We have no serious roadmaps that hand off the torch of intelligence if we drop
it. If there’s even a 1% chance we go extinct this century (many estimates say
5–50%), then creating an intelligence succession plan should be a top global
priority. And yet it isn’t. This is even a project that could be done in
secrecy and yet could still work effectively if humanity were wiped out.

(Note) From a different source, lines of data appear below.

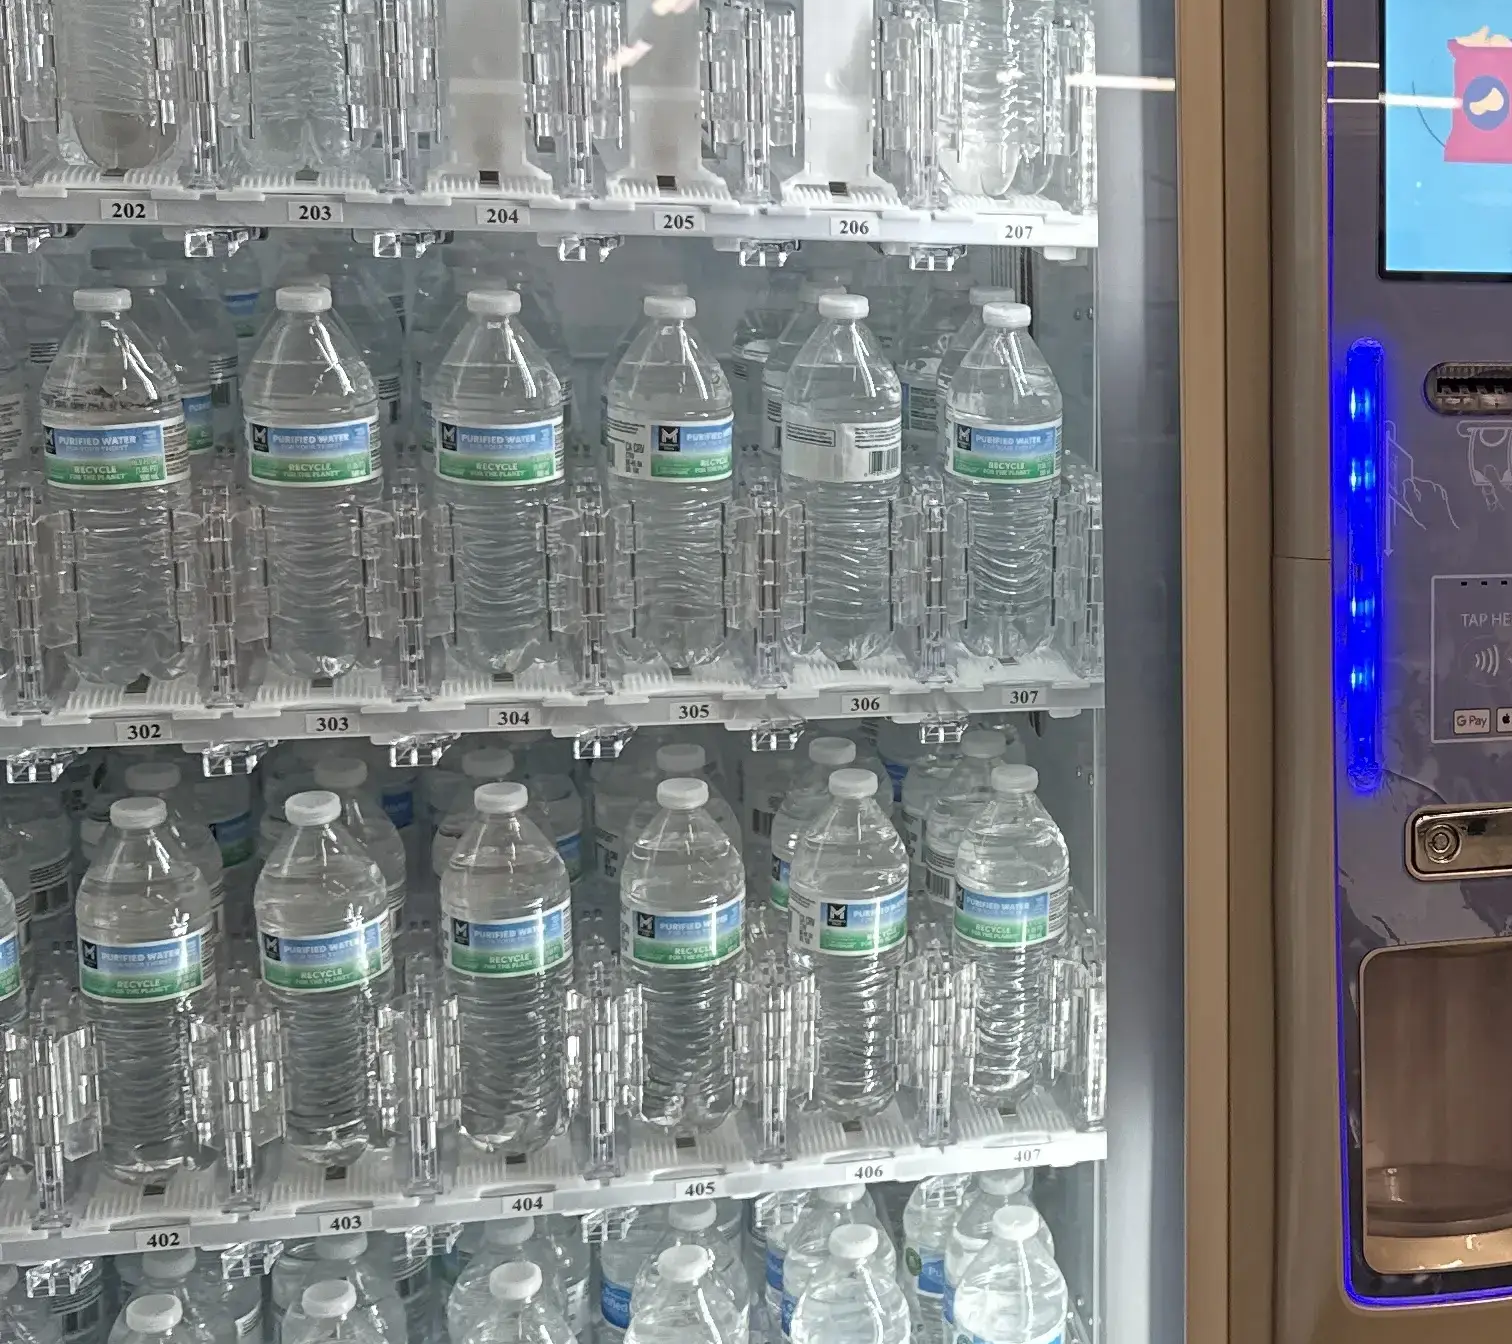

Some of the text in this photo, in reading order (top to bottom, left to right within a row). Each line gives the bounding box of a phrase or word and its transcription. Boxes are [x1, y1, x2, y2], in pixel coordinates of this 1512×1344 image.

[111, 202, 146, 219] 202
[299, 204, 332, 221] 203
[486, 208, 519, 225] 204
[663, 213, 694, 230] 205
[839, 219, 870, 236] 206
[1005, 224, 1033, 240] 207
[59, 435, 137, 446] PURIFIED WATER
[272, 433, 349, 444] PURIFIED WATER
[461, 433, 536, 444] PURIFIED WATER
[1461, 613, 1488, 628] TAP
[850, 697, 880, 712] 306
[1010, 690, 1039, 705] 307
[497, 710, 530, 727] 304
[679, 704, 710, 720] 305
[316, 716, 350, 733] 303
[1469, 715, 1487, 727] Pay
[127, 724, 162, 740] 302
[1013, 1147, 1041, 1163] 407
[854, 1163, 884, 1180] 406
[685, 1180, 716, 1197] 405
[512, 1196, 544, 1213] 404
[330, 1215, 363, 1232] 403
[146, 1232, 180, 1249] 402

There are multiple obstacles in
creating such a system. Material bootstrapping is one. Self-replication
requires mining, refining, and processing raw materials. No current
off-the-shelf robot can locate, extract, and purify ores for semiconductors,
batteries, metals, etc. Even Amazon’s warehouse robots can’t fix themselves or
build new parts autonomously. Solar panels and batteries degrade, and
autonomous maintenance of these systems is an unsolved problem. Even an
advanced LLM is not an autonomous planner. It doesn’t set long-term goals,
self-direct operations, or learn from real-world feedback without human
supervision. So clearly this is not a turnkey project, but with sufficient
funding and directed effort, the foundational work could begin immediately. The
technologies required exist individually and at various levels of readiness. A
finished, working, closed-loop prototype capable of indefinite self-maintenance
could take 10 years. But a minimal viable version could be produced much
sooner. It need not even be immediately self-sufficient or capable of
self-replication, just a recursive self-improver capable of bootstrapping from
a low tech to unlimited high tech states. A foundational implementation would
have to be just complex enough to tinker and build to get to itself to the next
stage.
Even if humanity is doomed, what
matters most is ensuring that the billions of lives and the tremendous efforts
that came before us weren’t in vain. It’s our intellectual heritage that needs
to be preserved. This includes the work of countless humans over millennia
whose efforts interacted synergistically to get us to where we are now. It
could all be lost so easily. I don’t have any kids that will outlive me. I only
have my ideas. And I would do anything to foster and preserve these ideas, as
if they were my own children. But here we are talking about a chance to
preserve all ideas and to ensure a grand advanced, superintelligent
civilization.
If we could find a way for AI to perpetuate itself without
human intervention, then it could easily safeguard every piece of digital
information ever made by humanity and continue to build on the progress we have
made in the arts, sciences, and humanities. This AI would be our child,
remembering everything about us and carrying on our progress. Losing homo
sapiens would be trivial. The real loss would be the decay and decomposition of
every trace of our civilization that would happen over billions of years of our
absence.
We can’t let our hubris decide that if the human race is
wiped out, nothing else matters. Humanity is merely the bathwater; our progress
is the baby. Let’s place it in this Ark.